The latest issue of Rolling Stone hit my mailbox the other day. I don’t know how I got roped into a subscription; one minute, I’m searching their archive for an article written in the 1970s by Hunter S. Thompson. The next thing I know, I’ve bought a three-month trial subscription, which renews for 12 months automatically, of course, if I forget to cancel.
On the cover, I see there’s an article about the pollution China is creating as it flexes its industrial muscles. When I go to the feature, I see a photo of Chinese citizens wearing masks bicycling through a thick haze of coal smoke. Holy cow! Really? Is it that bad? I had no clue. How could those people stand for that?
It was fitting, however, to read the article just before jetting off to Washington, D.C., for an AkzoNobel press conference on sustainability. AkzoNobel has been big on sustainability for a long time, but it has always been a somewhat mysterious concept to me and, I’m sure, others.

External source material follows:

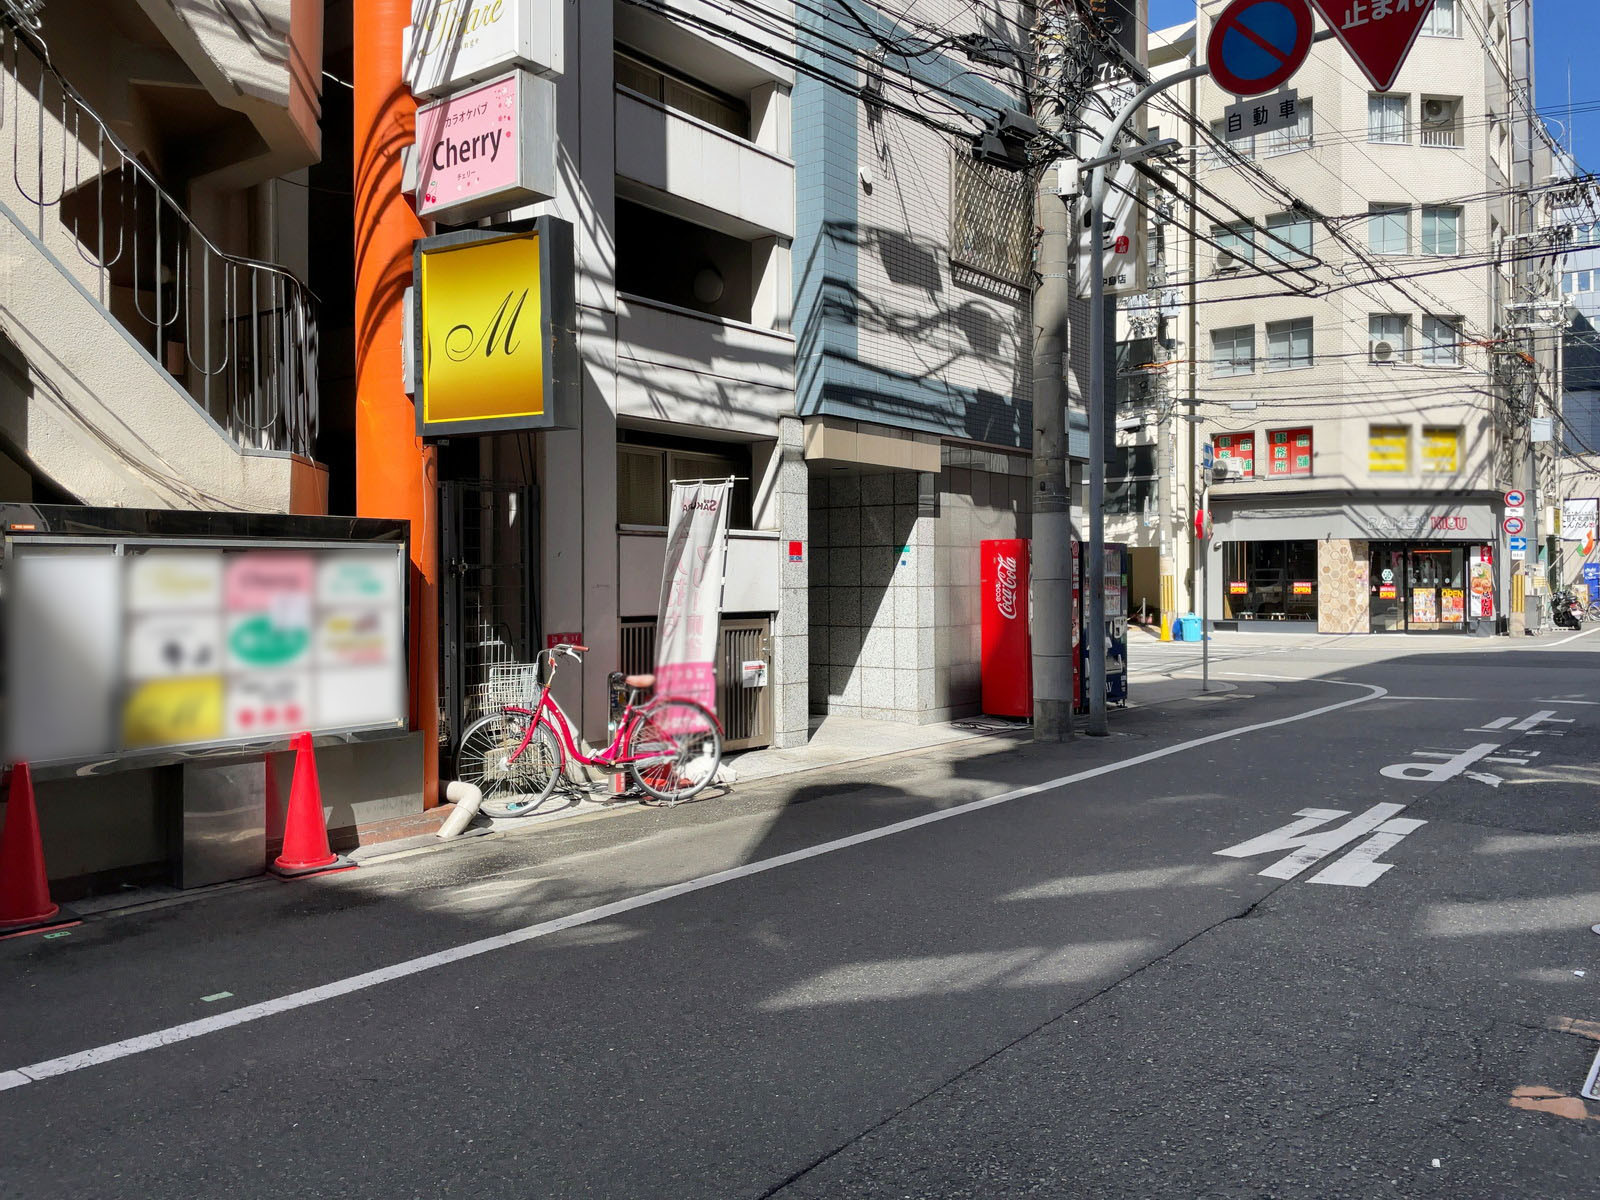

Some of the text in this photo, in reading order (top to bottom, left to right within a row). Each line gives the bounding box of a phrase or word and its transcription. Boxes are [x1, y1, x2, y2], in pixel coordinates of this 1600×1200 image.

But the press conference cleared things up for me. Simply put, sustainability is where people, the planet and profit overlap. Basically, corporations today are extracting much more from the environment than they’re putting back in, and this, in the long-term, is unsustainable. At this rate, we’ll eventually run out of resources and/or change the climate so drastically that human life as we know it will be in jeopardy.
At the press conference, AkzoNobel talked of an online sustainability tool scheduled for rollout sometime later this year or early next year. The tool will allow body shop owners to see where they rank among their colleagues as far as sustainability goes.
As AkzoNobel North America Communications Manager Bill Orr said, this is the “blue ocean” view and the triple bottom line benefiting people, the plant and profit.
How sustainable are you? Perhaps it’s time to ask yourself. After all, we’re all in this thing together.